次の楽しみにつづく、旅ははじまり
初めて一人旅したベトナムに心惹かれ、何度も通うようになった、高谷亜由さん。料理教室を主宰し、レシピ本もつくっています。
「私がはじめた頃は、ベトナム料理教室なんてほとんどなかったんですが、なかったから良かったんだと思います。どんな方がいらっしゃるだろうって、はじめはちょっとドキドキしましたけど、2006年のスタートから、ずっと通ってくださっている生徒さんもいます」
自分でつくって、食べることで、グッとベトナムが近くなる。好奇心でやってみて、好きになった人も多々。行ってみたいという生徒さんたちからのリクエストで、ベトナムツアーも主催してきました。

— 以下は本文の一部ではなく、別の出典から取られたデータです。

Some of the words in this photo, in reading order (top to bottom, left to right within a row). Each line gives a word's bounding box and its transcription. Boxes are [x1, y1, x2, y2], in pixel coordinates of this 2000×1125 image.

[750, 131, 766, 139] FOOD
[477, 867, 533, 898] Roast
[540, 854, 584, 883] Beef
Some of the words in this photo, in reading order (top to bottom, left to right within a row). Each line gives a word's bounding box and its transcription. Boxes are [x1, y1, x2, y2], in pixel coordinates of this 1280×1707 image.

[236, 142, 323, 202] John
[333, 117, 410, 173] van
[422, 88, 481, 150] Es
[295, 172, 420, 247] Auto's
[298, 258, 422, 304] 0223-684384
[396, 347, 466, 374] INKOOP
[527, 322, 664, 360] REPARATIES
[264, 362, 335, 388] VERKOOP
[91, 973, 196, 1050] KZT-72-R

「日本人って情報を収集して、準備万端で旅するところがありますよね。私が初めて旅したベトナムは、情報が少なかったからこそ発見があって、感動も大きかった。そんな体験をしてもらいたいから、スケジュールはあえて詳しく伝えないようにしています。
現地の聞き込みで、予定していたお店より、こっちの方がいいとなれば変更するとか。その場の巡り合わせを楽しむのが、旅のおもしろさだと思うから。旅が終わればおしまいじゃなく、次の楽しみにつながる、きっかけになったらいいなって思います」
すぐそばにある、旅に代わる楽しみ
大学在学中に調理師免許を取得し、卒業後、東京のレストランでも経験を積んだ高谷さん。東京で3年を過ごしますが、拠点は、京都と決めていました。

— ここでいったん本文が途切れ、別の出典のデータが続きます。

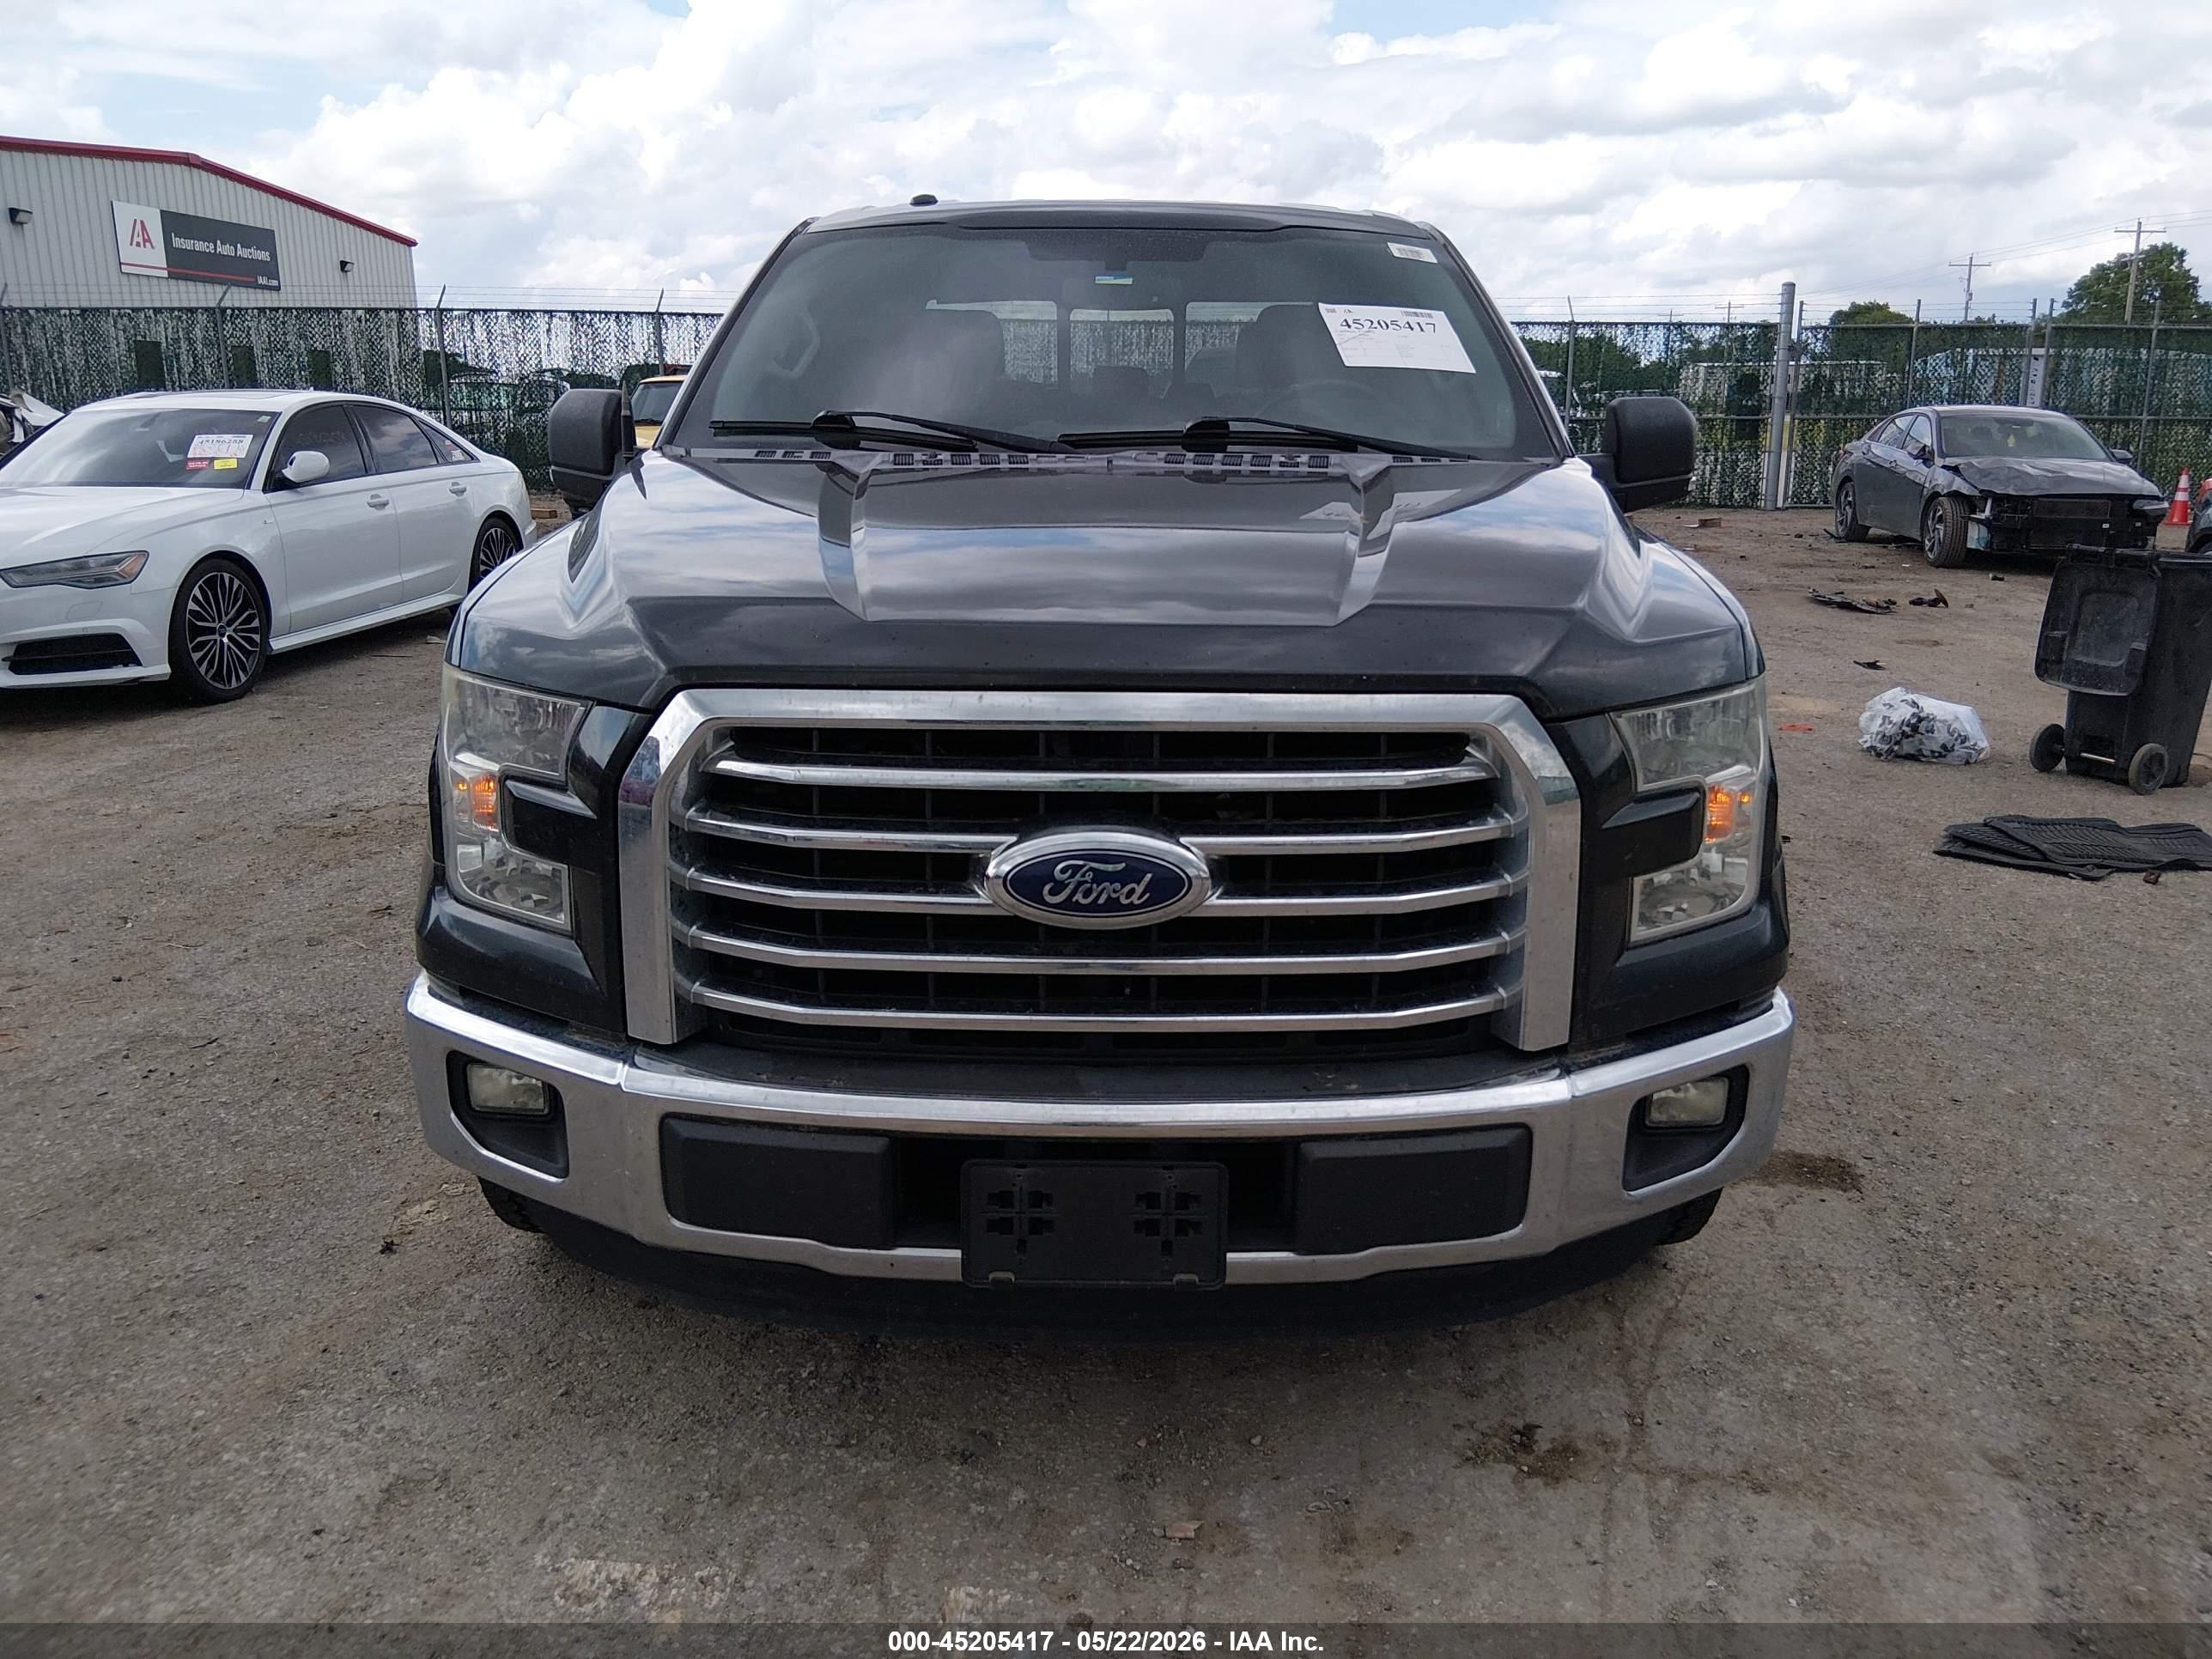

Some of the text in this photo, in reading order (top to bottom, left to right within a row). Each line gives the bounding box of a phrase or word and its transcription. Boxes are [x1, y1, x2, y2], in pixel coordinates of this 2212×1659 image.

[172, 232, 270, 262] Insurance Auto Auctions
[1340, 318, 1437, 334] 45205417
[1042, 860, 1153, 905] Ford

「当時、ベトナム料理店が本当に少なくて、東京で経験を積みました。東京の飲食店にいると、次々新しいものを出さないとならないように感じて、目まぐるしくて。京都の時間の流れ方が、私には合っていました」
アトリエと住まいがある二条は、商店街や信頼できるお店が近くにあって、食材の買い出しもすぐ。まわりは昔ながらのお家が多く、のどかです。休日に楽しんでいるのが、山歩き。京都は山がすぐそば、京都の東から西までぐるりとつながるトレイルコースは、高谷さんのお気に入りです。
「明日、お天気良さそうやなって思ったら、すぐ登山口まで行ける。自然の中にいると、京都やのに、遠くまで来たような気持ちになれます。

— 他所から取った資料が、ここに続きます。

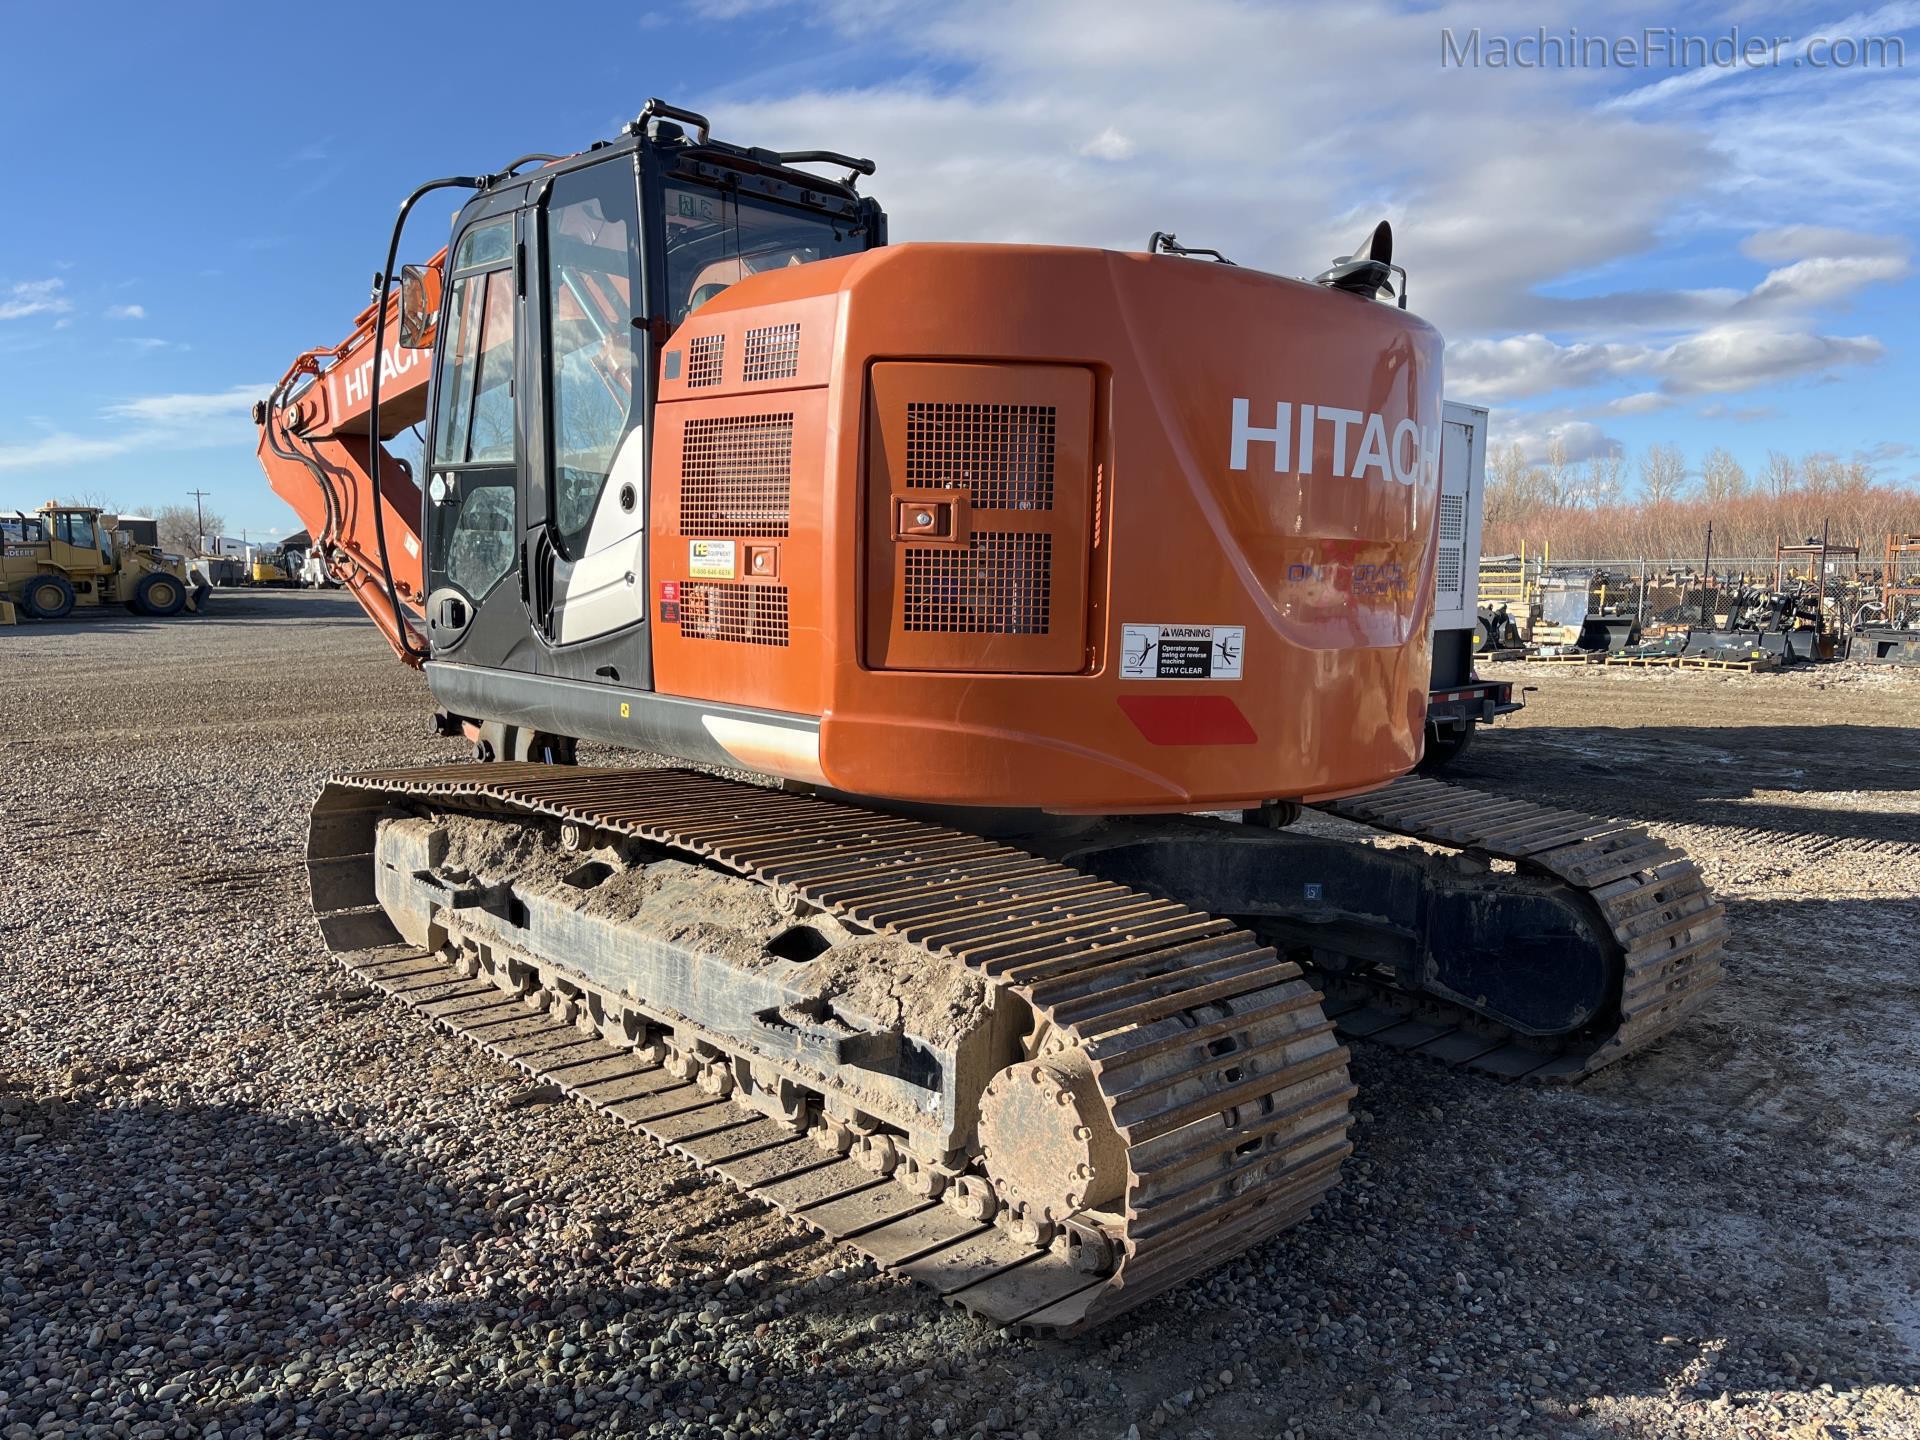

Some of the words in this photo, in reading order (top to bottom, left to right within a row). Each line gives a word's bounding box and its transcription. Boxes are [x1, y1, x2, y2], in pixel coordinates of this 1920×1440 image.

天気を見たり、道を選んだり、山にいると自分で決めないとあかんことがいっぱい。ケガできないから、緊張もするし、思いがけないことも起こる。一人旅と同じですね」
旅と同じ、美味しいものも、山歩きの楽しみ。最近は、小さなコンロを持っていって、ちょっとしたアウトドアごはんをつくっています。
「山仲間の友人がインスタントラーメンをつくって山で食べるのが好きで。一緒に登ったときに食べたらすごく美味しかったんです。それから、つくって食べるのが、楽しみになりました。袋麺やパスタをつくったり、ご飯を炊いたり。山ではあたたかいものがおいしくて。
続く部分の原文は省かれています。